The problem with much of the discussion, including what I just wrote above, is that it is looking at poker bots the way folks view chess computers. Chess computers get carried from match to match, and don't have a huge impact for most chess players. I don't think this is a good analogy. There just is not a lot of money in chess the way there is in poker. I think it is more likely that someone will develop a decent bot, and then a whole buisness will spring up trying to get the bot into as many games as possible. It is relatively easy to set up computer and bank accounts around the globe, so the same bot could play in any number of games via dozens or hundreds of accounts.
The result would be that poker bots would be to online poker what spam is to email. It is one thing to go in knowing that you might end up playing a bot, it is another if 6 out of every 10 seats in SnGs are taken up by bots. Furthermore, if two of the same bot were sitting in a tournament, it could be easy for them to collude. The programers could devise a code that would pass information based on bet size or something. Rather than going all in, a bot could bet all in except for 12 chips, and this could indicate something to another clone of the same bot. What this meant could change every day or hour or something so it would be difficult to crack the code.
Perhaps my worries are unfounded and the poker sites will be able to block this - maybe they already have. However, I still get plenty of spam, so I am still concerned.
John Paul
I don't play NL SnG's (yet) but I have been interested in the whole bot story. I have read a lot of what people have posted about the pro's and con's of the bot situation, but please forgive me if I am making a point someone already made.
At first I was basically of the opinion that poker was a people game, so no bots allowed. After thinking about it for a while I have come around to some extent in that I think it could be OK. Currently on the party limit ring games you have some tables with disconnect protect and some without and these are marked. I would be fine if there was a similar thing where some tables were all human, some mixed and maybe even some all bot, and they were marked accordingly. Who knows, maybe playing the bots would become a big ego thing and they would get a lot of action.
The problem with much of the discussion, including what I just wrote above, is that it is looking at poker bots the way folks view chess computers. Chess computers get carried from match to match, and don't have a huge impact for most chess players. I don't think this is a good analogy. There just is not a lot of money in chess the way there is in poker. I think it is more likely that someone will develop a decent bot, and then a whole buisness will spring up trying to get the bot into as many games as possible. It is relatively easy to set up computer and bank accounts around the globe, so the same bot could play in any number of games via dozens or hundreds of accounts.
The result would be that poker bots would be to online poker what spam is to email. It is one thing to go in knowing that you might end up playing a bot, it is another if 6 out of every 10 seats in SnGs are taken up by bots.

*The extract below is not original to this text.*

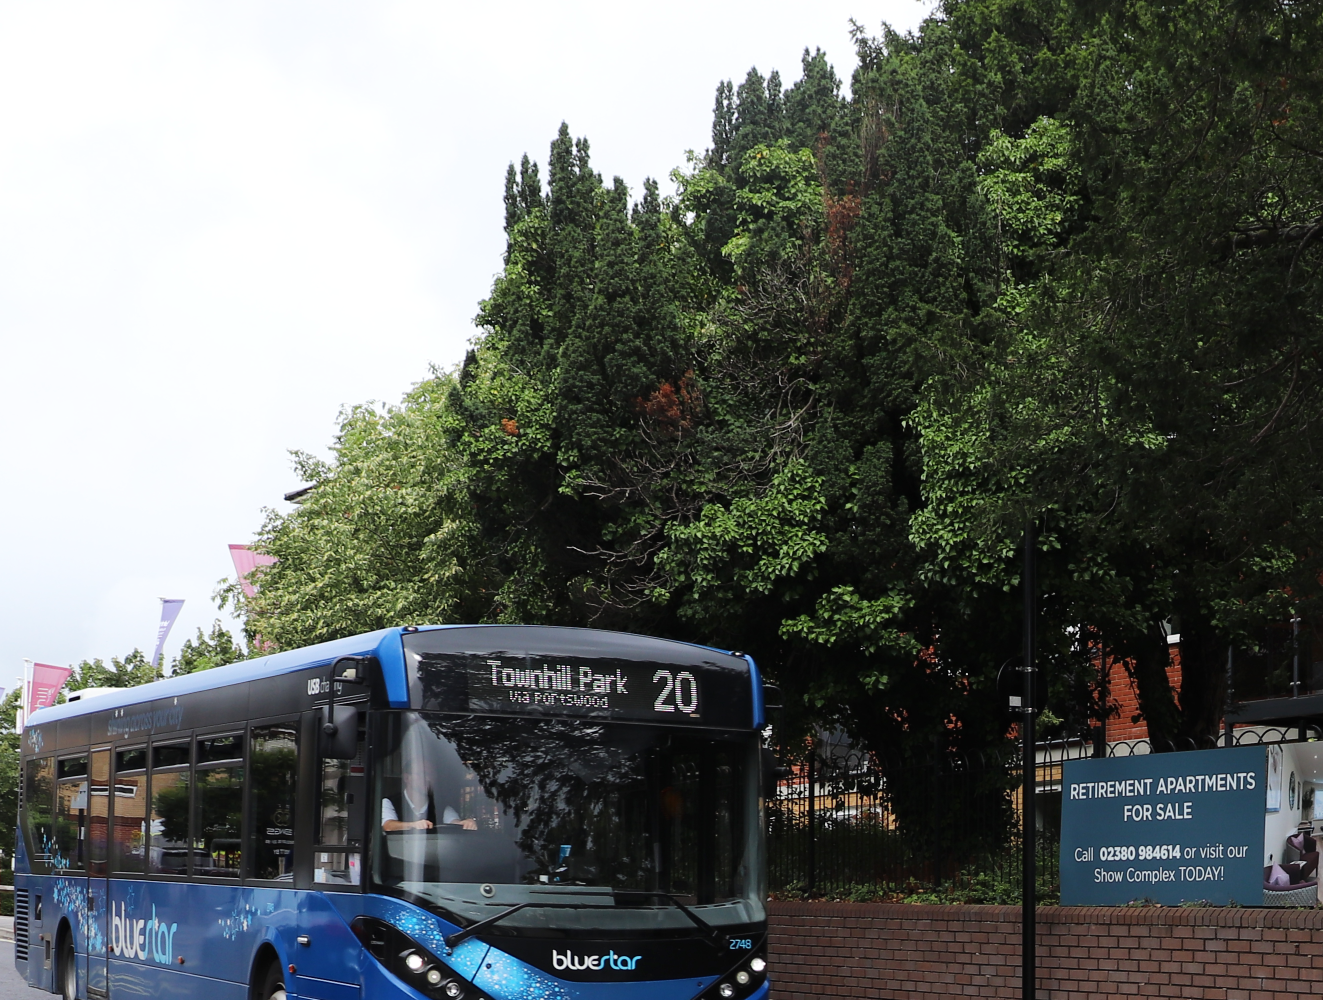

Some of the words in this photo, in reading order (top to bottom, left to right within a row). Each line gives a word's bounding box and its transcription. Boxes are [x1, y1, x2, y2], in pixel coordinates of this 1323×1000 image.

Furthermore, if two of the same bot were sitting in a tournament, it could be easy for them to collude. The programers could devise a code that would pass information based on bet size or something. Rather than going all in, a bot could bet all in except for 12 chips, and this could indicate something to another clone of the same bot. What this meant could change every day or hour or something so it would be difficult to crack the code.
Perhaps my worries are unfounded and the poker sites will be able to block this - maybe they already have. However, I still get plenty of spam, so I am still concerned.